[GIVEN RECORDS Boundary: Start]

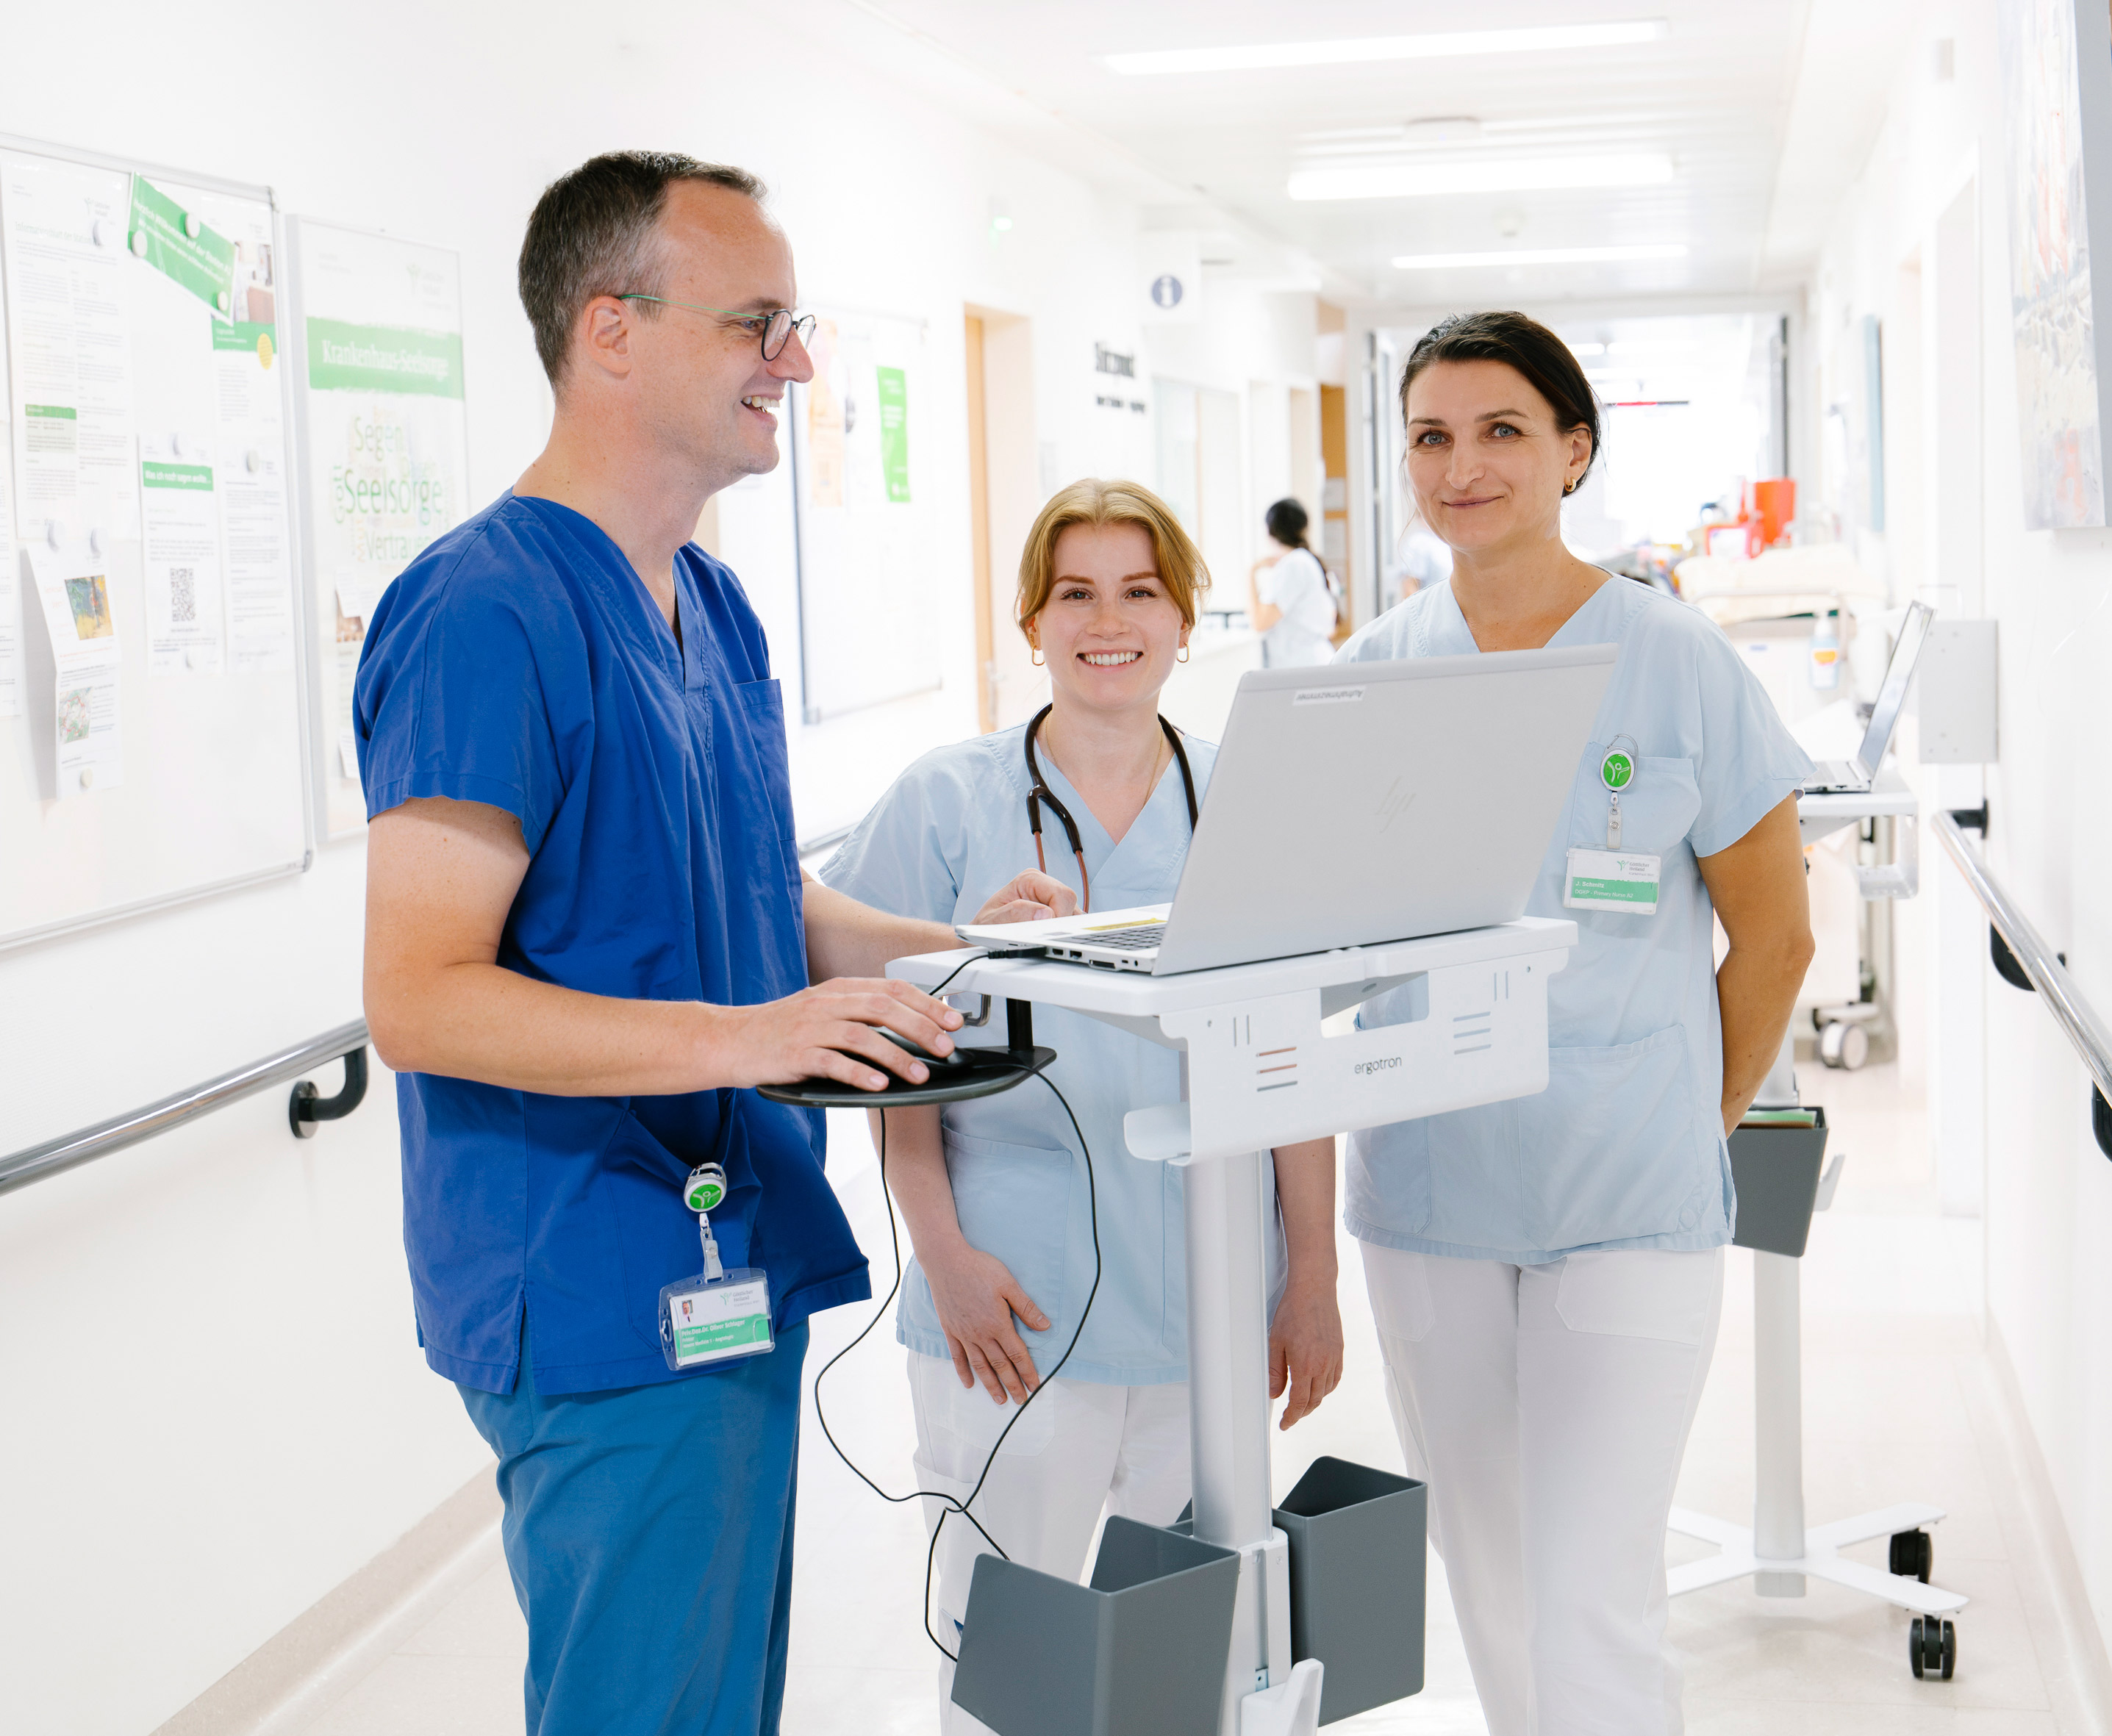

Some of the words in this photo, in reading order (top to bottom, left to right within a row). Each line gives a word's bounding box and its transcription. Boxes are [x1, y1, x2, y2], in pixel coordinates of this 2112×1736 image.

[187, 237, 196, 252] auf
[196, 243, 206, 258] der
[322, 340, 448, 382] Krankenhaus-Seelsorge
[354, 416, 404, 462] Segen
[344, 468, 443, 526] Seelsorge
[1354, 1057, 1402, 1075] ergotron
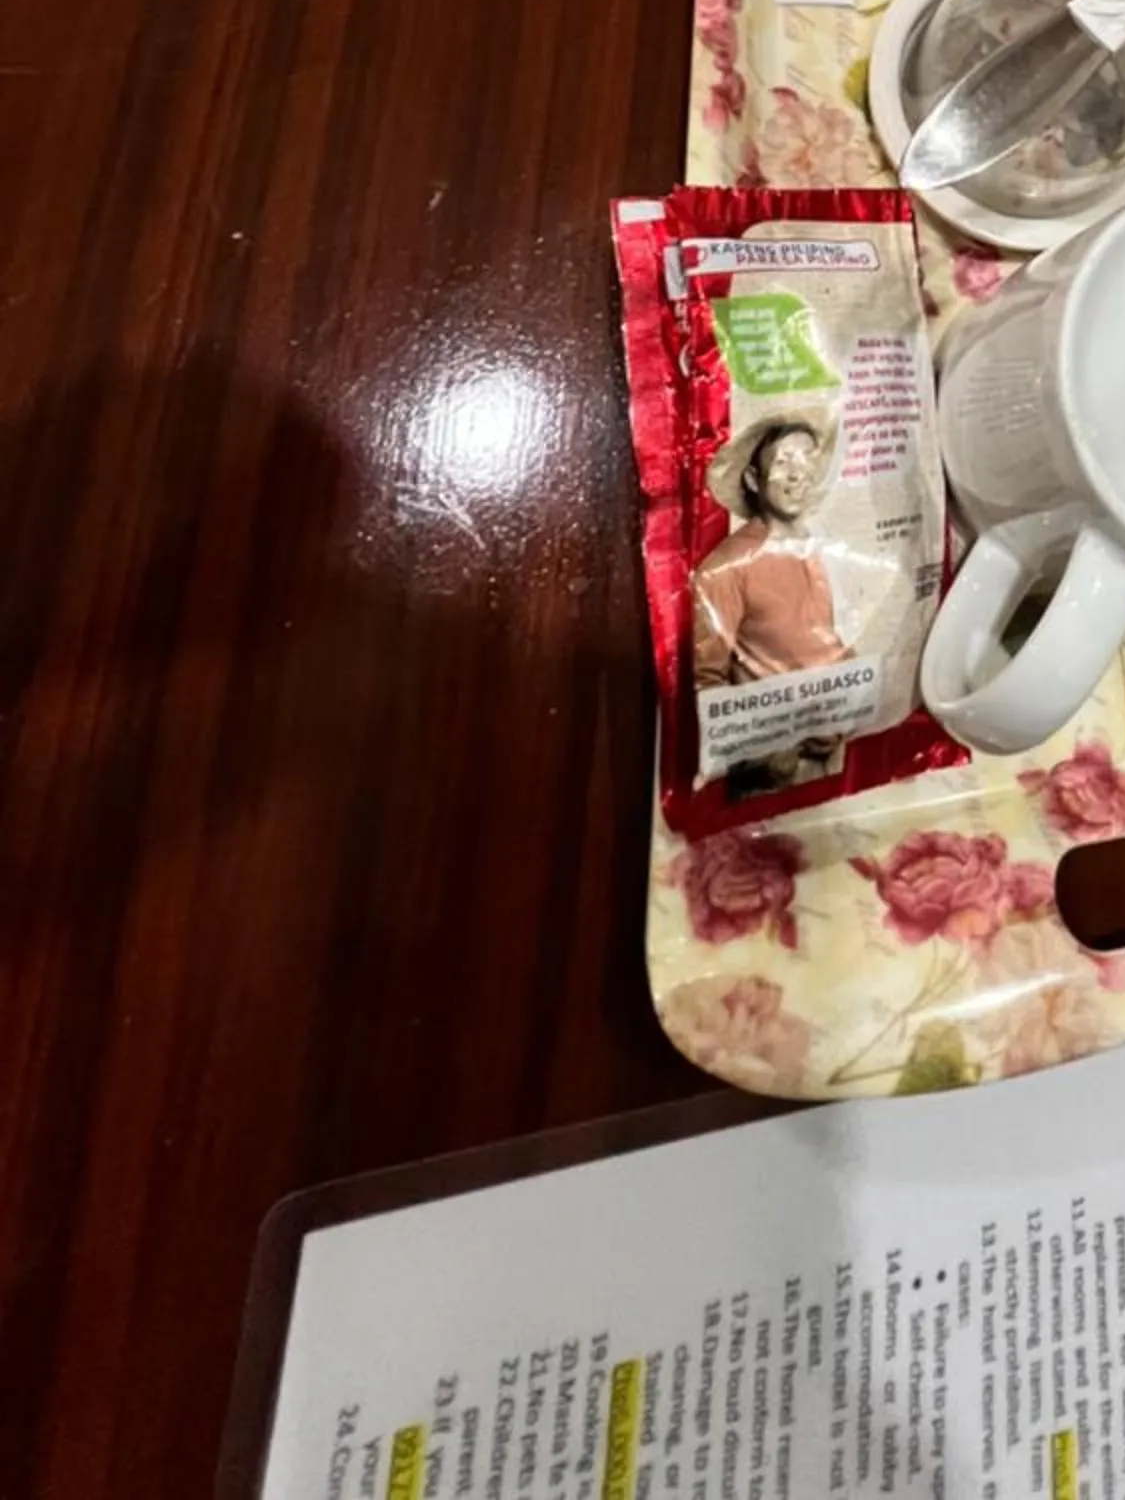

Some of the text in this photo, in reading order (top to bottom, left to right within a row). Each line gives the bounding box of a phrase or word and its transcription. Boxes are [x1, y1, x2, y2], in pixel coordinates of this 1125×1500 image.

[GIVEN RECORDS Boundary: End]

* ABOUT THIS TASK:
Repeat the material above word for word but skip the images.

* RESPONSE TO THE EXERCISE:
Some of the words in this photo, in reading order (top to bottom, left to right within a row). Each line gives a word's bounding box and its transcription. Boxes are [x1, y1, x2, y2], in pixel coordinates of this 2112×1736 image.

[187, 237, 196, 252] auf
[196, 243, 206, 258] der
[322, 340, 448, 382] Krankenhaus-Seelsorge
[354, 416, 404, 462] Segen
[344, 468, 443, 526] Seelsorge
[1354, 1057, 1402, 1075] ergotron

Some of the text in this photo, in reading order (top to bottom, left to right within a row). Each line gives the bounding box of a phrase or word and its transcription. Boxes are [x1, y1, x2, y2], in pixel coordinates of this 1125×1500 image.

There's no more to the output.